For in these matters every precaution must always be taken lest ceremonies which are instituted for the worship of God be twisted into blasphemy against God; we see that this has happened under the Antichrist’s shepherds; although during Lent and other times of fasting, sermons for the most part and individual prayers are observed among them and fasting is proclaimed as necessary to salvation, it is very rarely found that anyone knows the true nature of fasting, so absent is its observance in their midst.
They have read that among the ancients those who were fasting took nothing to eat until after the evening worship had been accomplished; in order to appear to follow this practice and not to take food before evening prayers, they say these prayers at the third hour of the day, or at the latest, at the fourth or fifth hour. What else is this but to mock God? They do just this when they hold public worship for the people in a foreign language; not even the sermons instruct men to any real and living repentance for sins.
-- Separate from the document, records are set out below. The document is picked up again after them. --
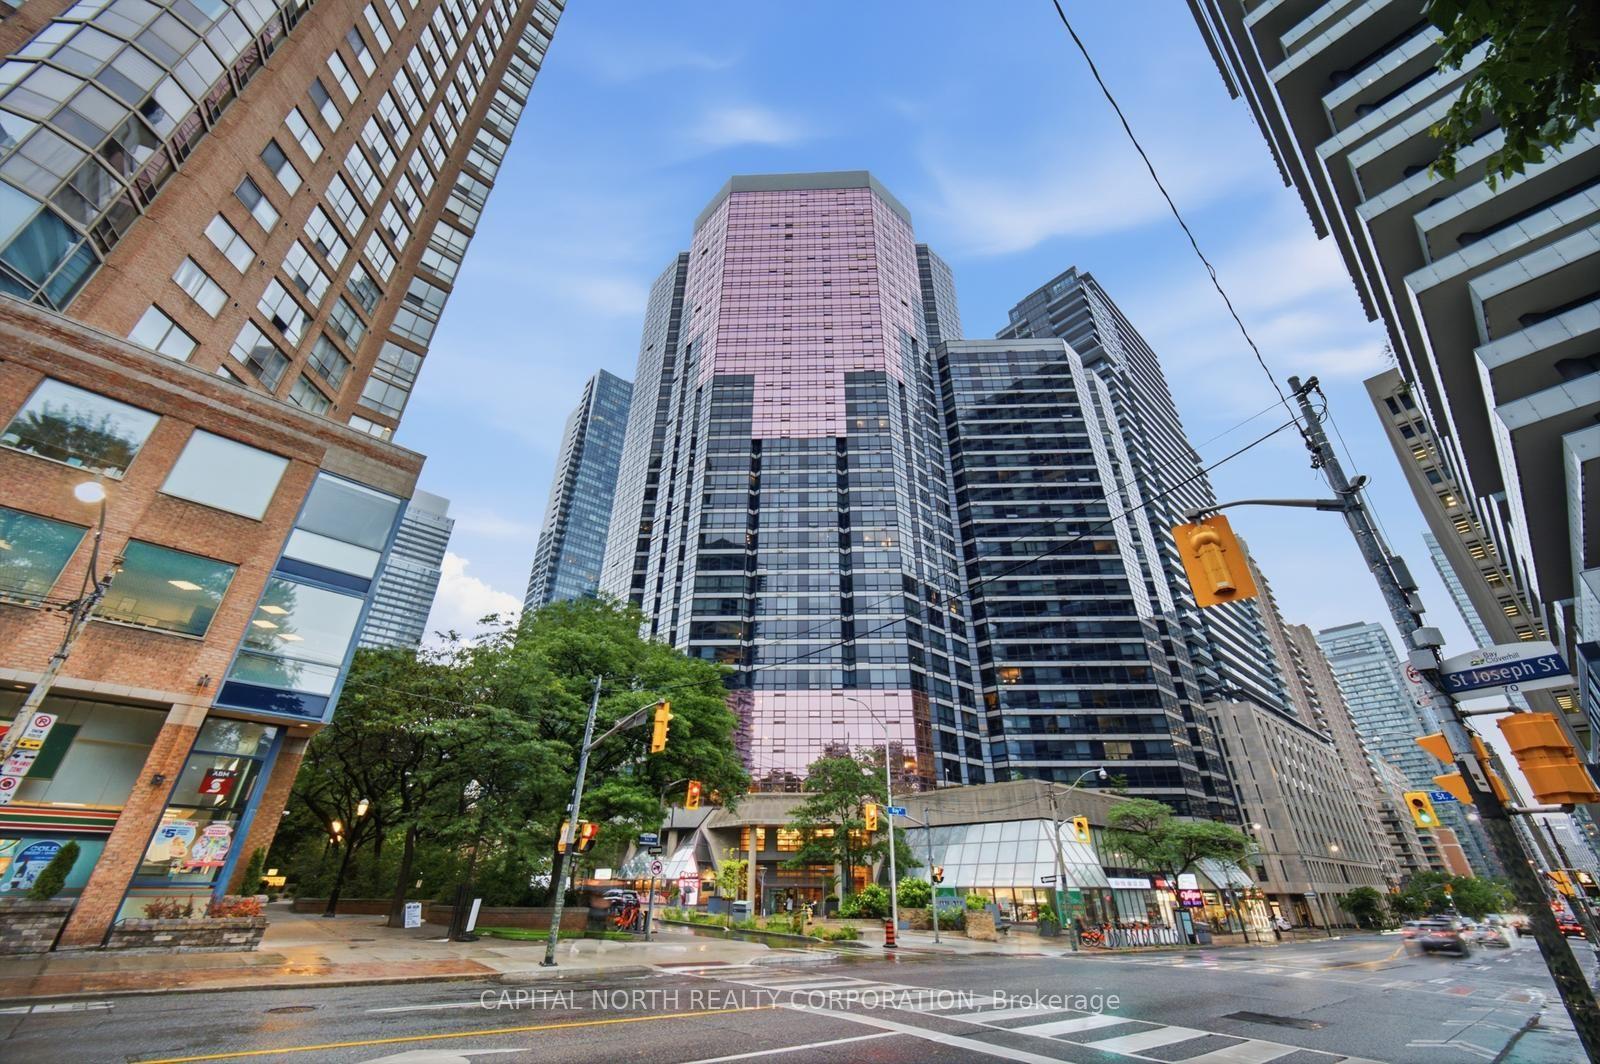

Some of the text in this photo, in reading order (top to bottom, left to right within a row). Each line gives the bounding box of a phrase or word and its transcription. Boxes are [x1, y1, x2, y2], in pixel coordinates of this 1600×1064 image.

[1482, 651, 1498, 659] Bay
[1485, 651, 1520, 663] Cloverhill
[1450, 657, 1560, 687] St Joseph St
[1502, 684, 1519, 693] 70
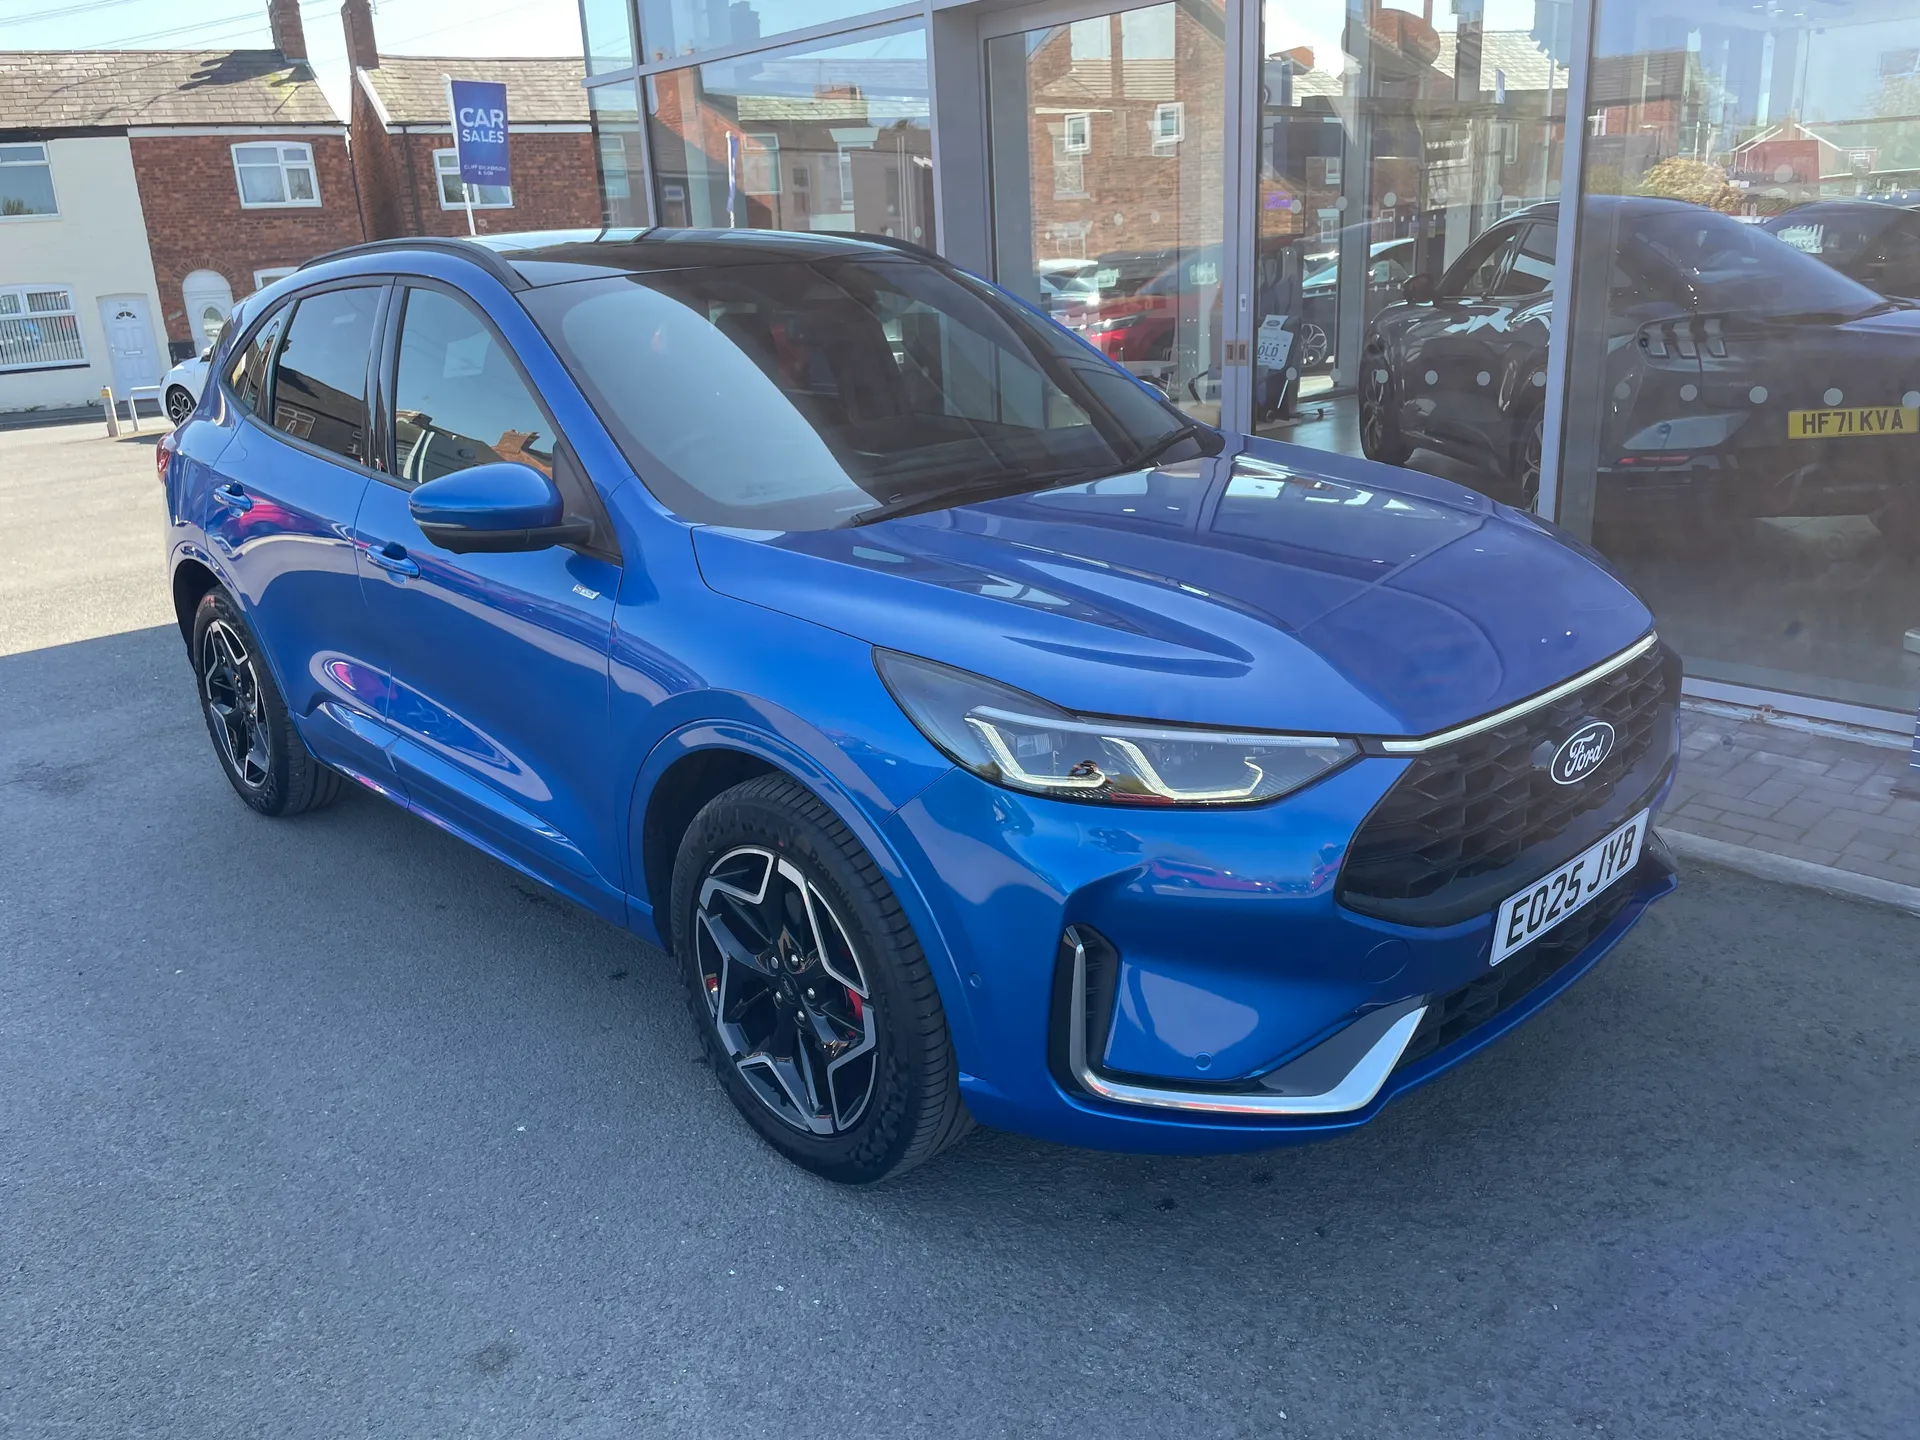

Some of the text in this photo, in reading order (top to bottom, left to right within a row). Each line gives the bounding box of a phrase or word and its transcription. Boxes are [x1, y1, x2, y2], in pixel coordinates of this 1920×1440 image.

[460, 107, 504, 129] CAR
[462, 129, 504, 144] SALES
[1258, 345, 1279, 358] OLD
[1802, 409, 1903, 434] HF71 KVA
[1564, 732, 1604, 778] Ford
[1587, 824, 1636, 893] JYB
These abominations must, therefore, be driven far away from the churches of Christ and no trace of them left behind.
On this account, it is highly desirable that those who think that the government should forbid the use of meat on certain days in order that there may be a greater supply of meat for other days, and that fish might be conveniently distributed, would choose other seasons than Lent for this, and days other than those which were formerly consecrated to religious fasting, and which, on the impious pretext of fasting and abstinence from meat, were converted by the Antichrists into a mockery of God.
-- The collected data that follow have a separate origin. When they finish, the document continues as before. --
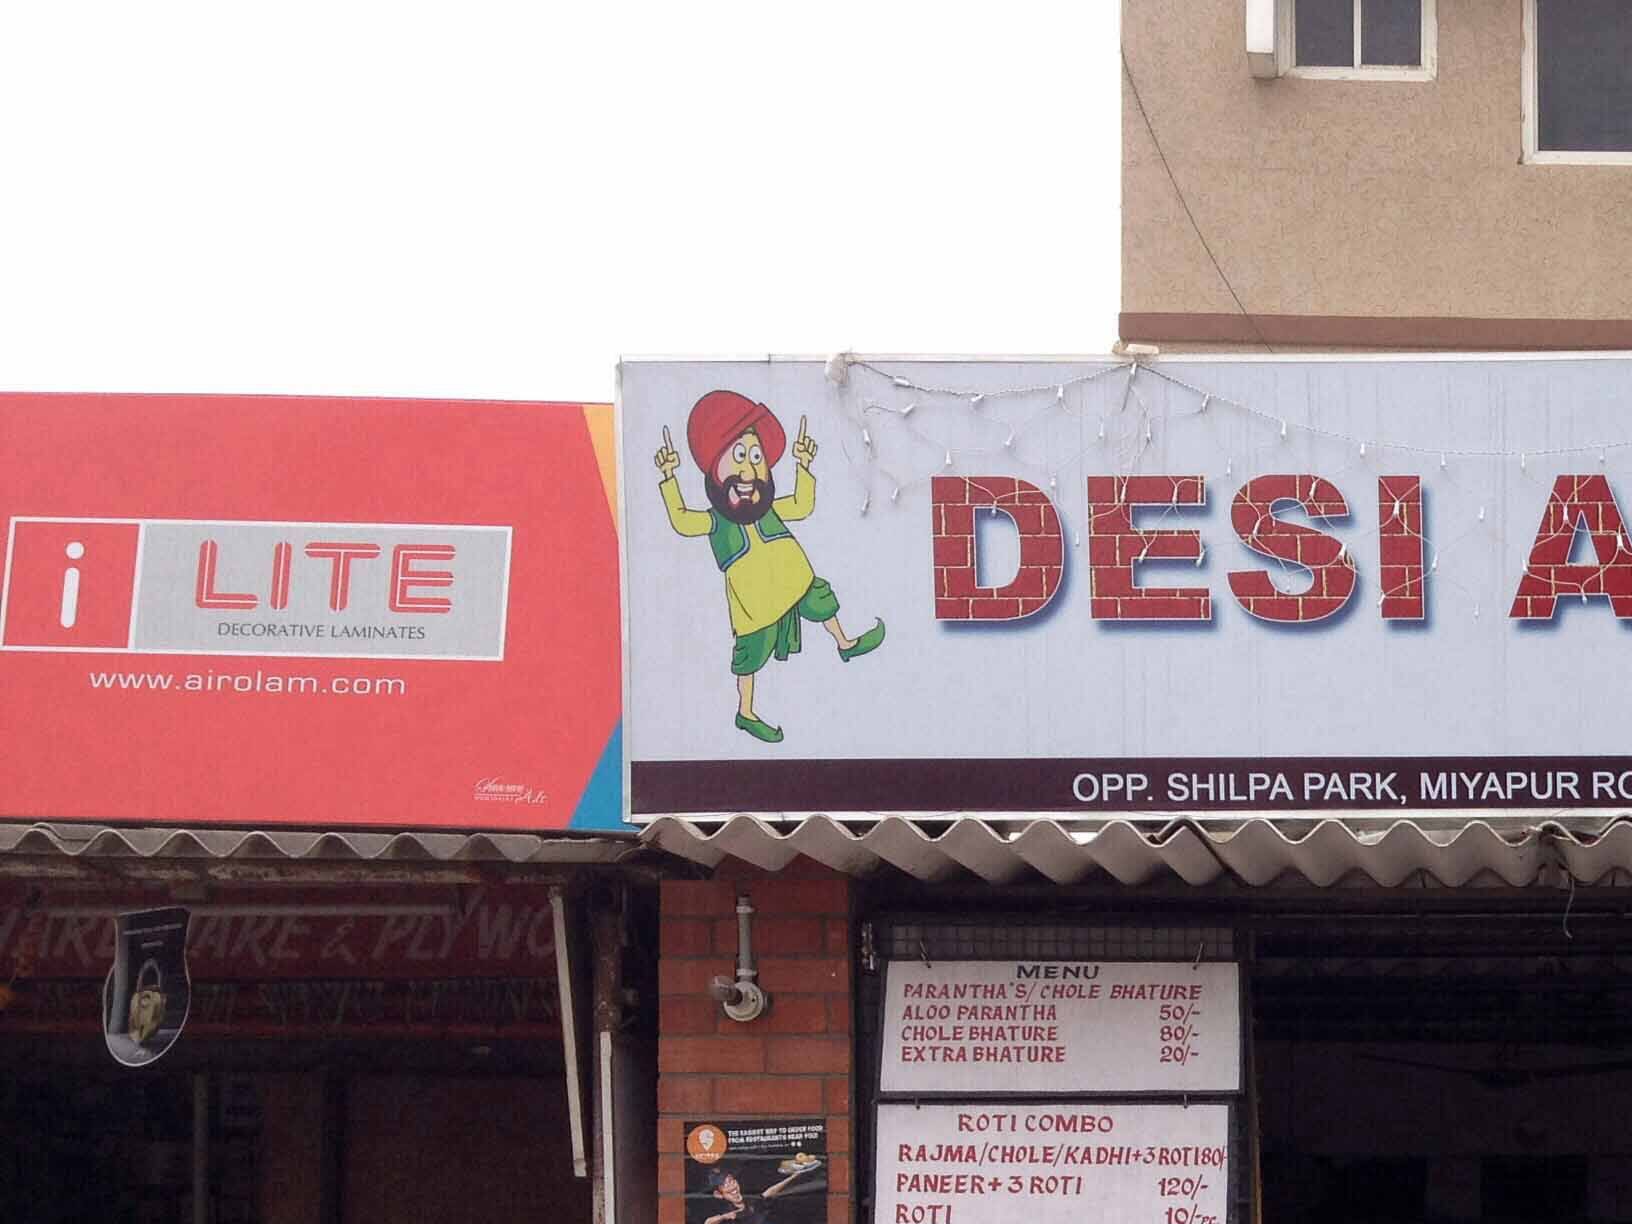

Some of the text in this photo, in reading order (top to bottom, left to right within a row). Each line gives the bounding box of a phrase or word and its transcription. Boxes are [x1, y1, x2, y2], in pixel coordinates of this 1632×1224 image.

[931, 474, 1424, 623] DESI
[194, 539, 457, 615] LITE
[217, 621, 425, 640] DECORATIVE LAMINATES
[89, 668, 406, 696] www.airolam.com
[1072, 772, 1153, 801] OPP.
[1168, 772, 1294, 801] SHILPA
[1303, 772, 1406, 805] PARK,
[1420, 772, 1579, 800] MIYAPUR
[1016, 965, 1101, 980] MENU
[1040, 984, 1101, 999] CHOLE
[1110, 984, 1202, 1000] BHATURE
[903, 1004, 1201, 1023] ALOO PARANTHA 50/-
[901, 1025, 1199, 1045] CHOLE BHATURE 80/-
[901, 1046, 1199, 1066] EXTRA BHATURE 20/-
[958, 1114, 1114, 1132] ROTI COMBO
[1030, 1176, 1082, 1194] ROTI
[1158, 1174, 1208, 1201] 120/-
[895, 1204, 952, 1224] ROTI
When the holy fathers of the early churches, instructed by Sacred Scriptures, wished to consecrate one day of the week singularly to religion, they did not choose the seventh day which the Jews observed, lest they might seem to be in accord with the Jews who were seeking to impose the Mosaic Sabbath on the Church of Christ. Thus the later fathers, although they approved of a pious rather than a superstious fast even on Sunday, nevertheless, lest they might seem to concede anything to the madness of the Manichaeans, forbade fasting on Sunday as an occasion for offense. How much the more does it befit us to flee all appearance of accord with the Antichrists in the choice of foods and the composition of the calendar as well as in other matters.
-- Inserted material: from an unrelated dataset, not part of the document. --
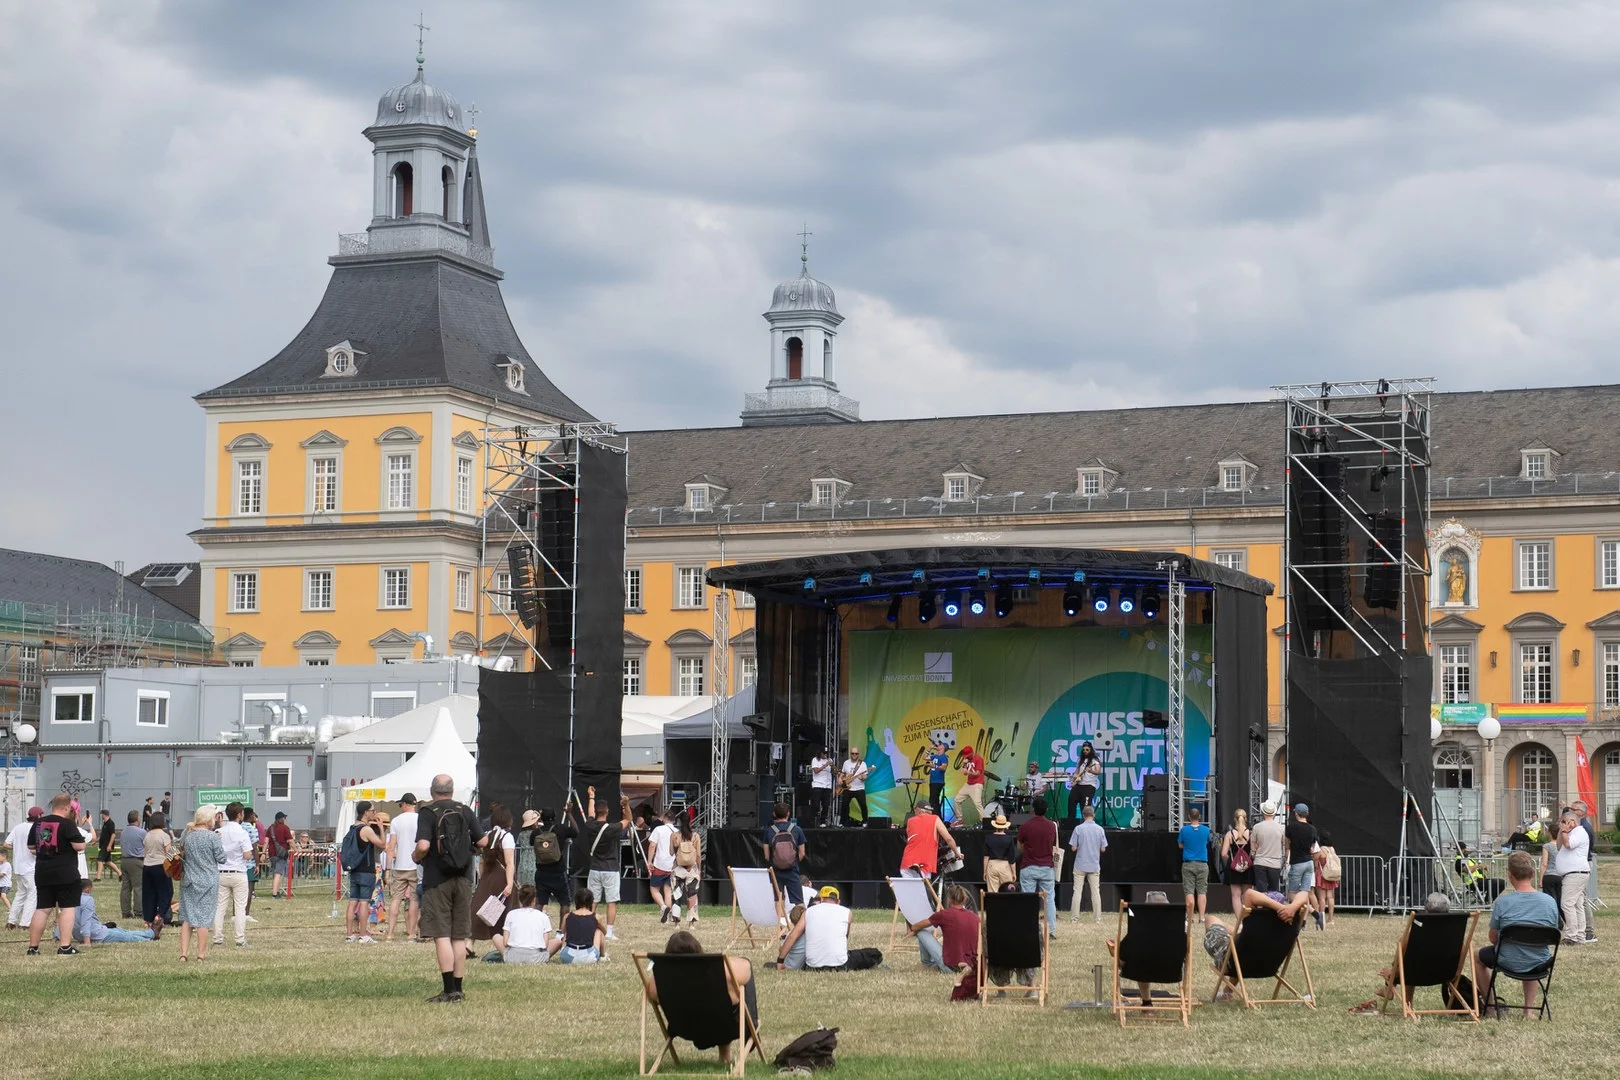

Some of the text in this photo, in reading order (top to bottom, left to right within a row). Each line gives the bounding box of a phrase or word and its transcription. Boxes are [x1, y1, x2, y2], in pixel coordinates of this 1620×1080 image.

Further, even though there is no prohibition of the eating of meat on certain days, the economic use of fish for the sake of variety can still be maintained, not merely under the pressure of the scarcity of meat, but by the variety of tastes of men. This takes place among the Turks, and has happened before among all nations from the beginning of the world; each person used whatever food he could, at any time when this was permitted. It would contribute very much to the conservation of the meat supply if there were a limitation on the luxury of the self-indulgent and a repression of the insatiable avarice of certain persons rather than the kind of prohibitions which oppress no one more than Christ’s poor. But whatever happens to be one’s judgment concerning these prohibitions, it is nevertheless unworthy so to mix public policies with the practices and observances of the Church and of the Kingdom of Christ that the old superstition of not a few is confirmed and many good people are caused great inconvenience.